=== Section Start ===
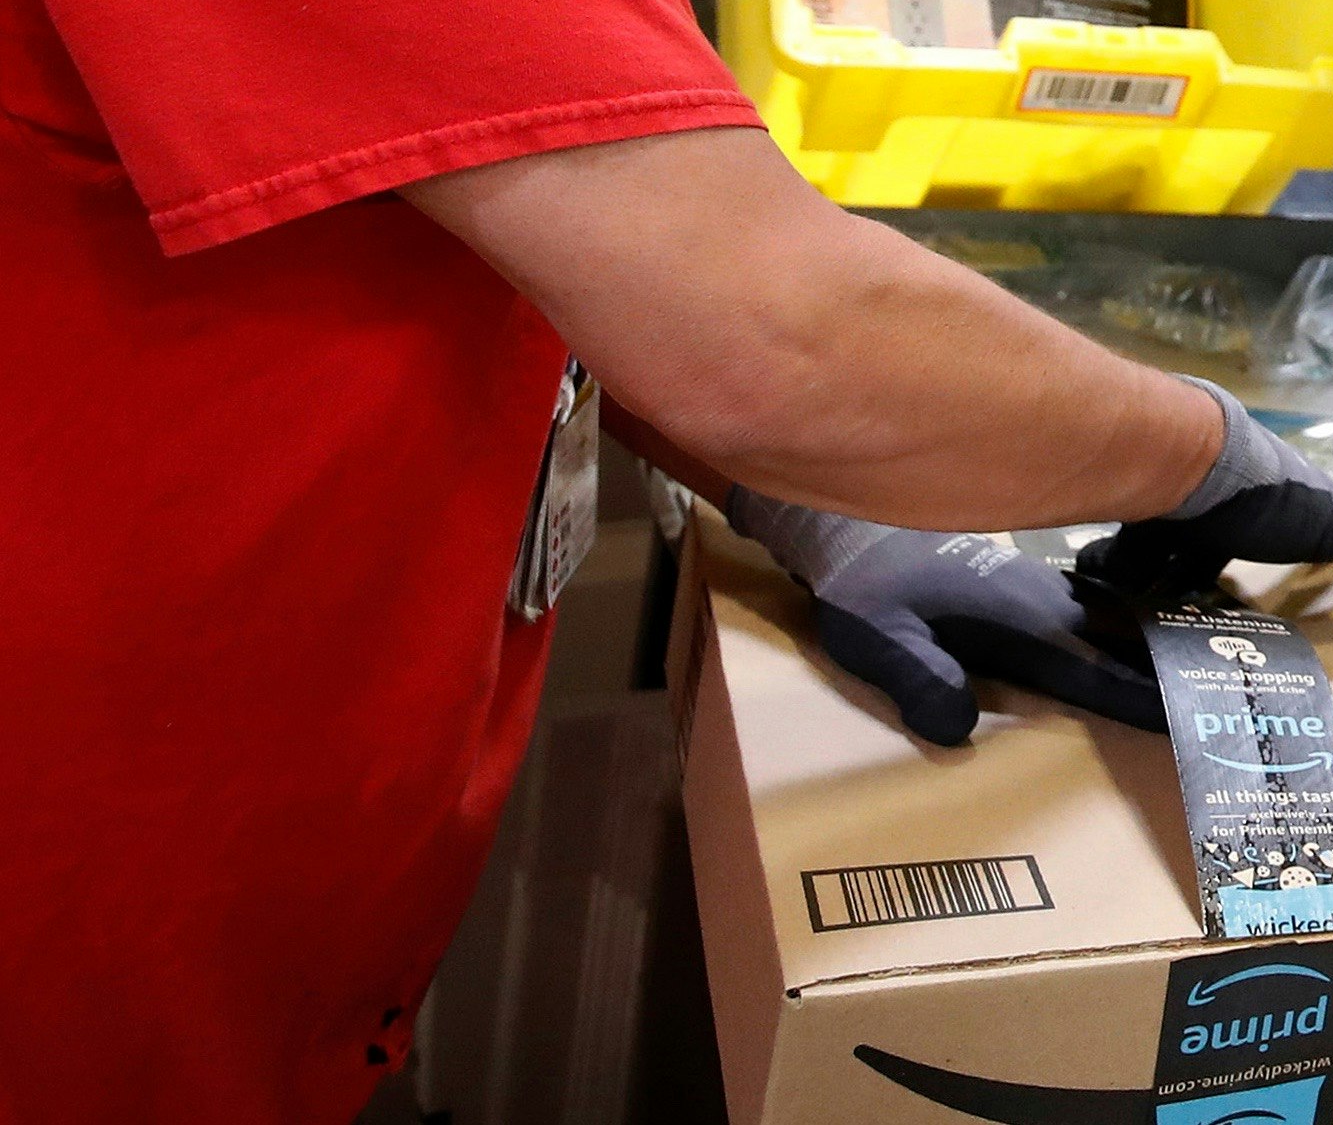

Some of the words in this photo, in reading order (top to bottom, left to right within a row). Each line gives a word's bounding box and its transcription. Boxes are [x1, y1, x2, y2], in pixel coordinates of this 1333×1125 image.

[1178, 668, 1227, 682] voice
[1230, 669, 1316, 687] shopping
[1193, 705, 1327, 743] prime
[1205, 790, 1231, 805] all
[1235, 789, 1299, 806] things
[1210, 824, 1238, 838] for
[1239, 823, 1287, 837] Prime
[1179, 994, 1329, 1055] prime
[1158, 1056, 1332, 1096] wickedlyprime.com
=== Section End ===
Exercise |
Would you return the records exactly as written, minus any image?

Answer box |
Some of the words in this photo, in reading order (top to bottom, left to right within a row). Each line gives a word's bounding box and its transcription. Boxes are [x1, y1, x2, y2], in pixel coordinates of this 1333×1125 image.

[1178, 668, 1227, 682] voice
[1230, 669, 1316, 687] shopping
[1193, 705, 1327, 743] prime
[1205, 790, 1231, 805] all
[1235, 789, 1299, 806] things
[1210, 824, 1238, 838] for
[1239, 823, 1287, 837] Prime
[1179, 994, 1329, 1055] prime
[1158, 1056, 1332, 1096] wickedlyprime.com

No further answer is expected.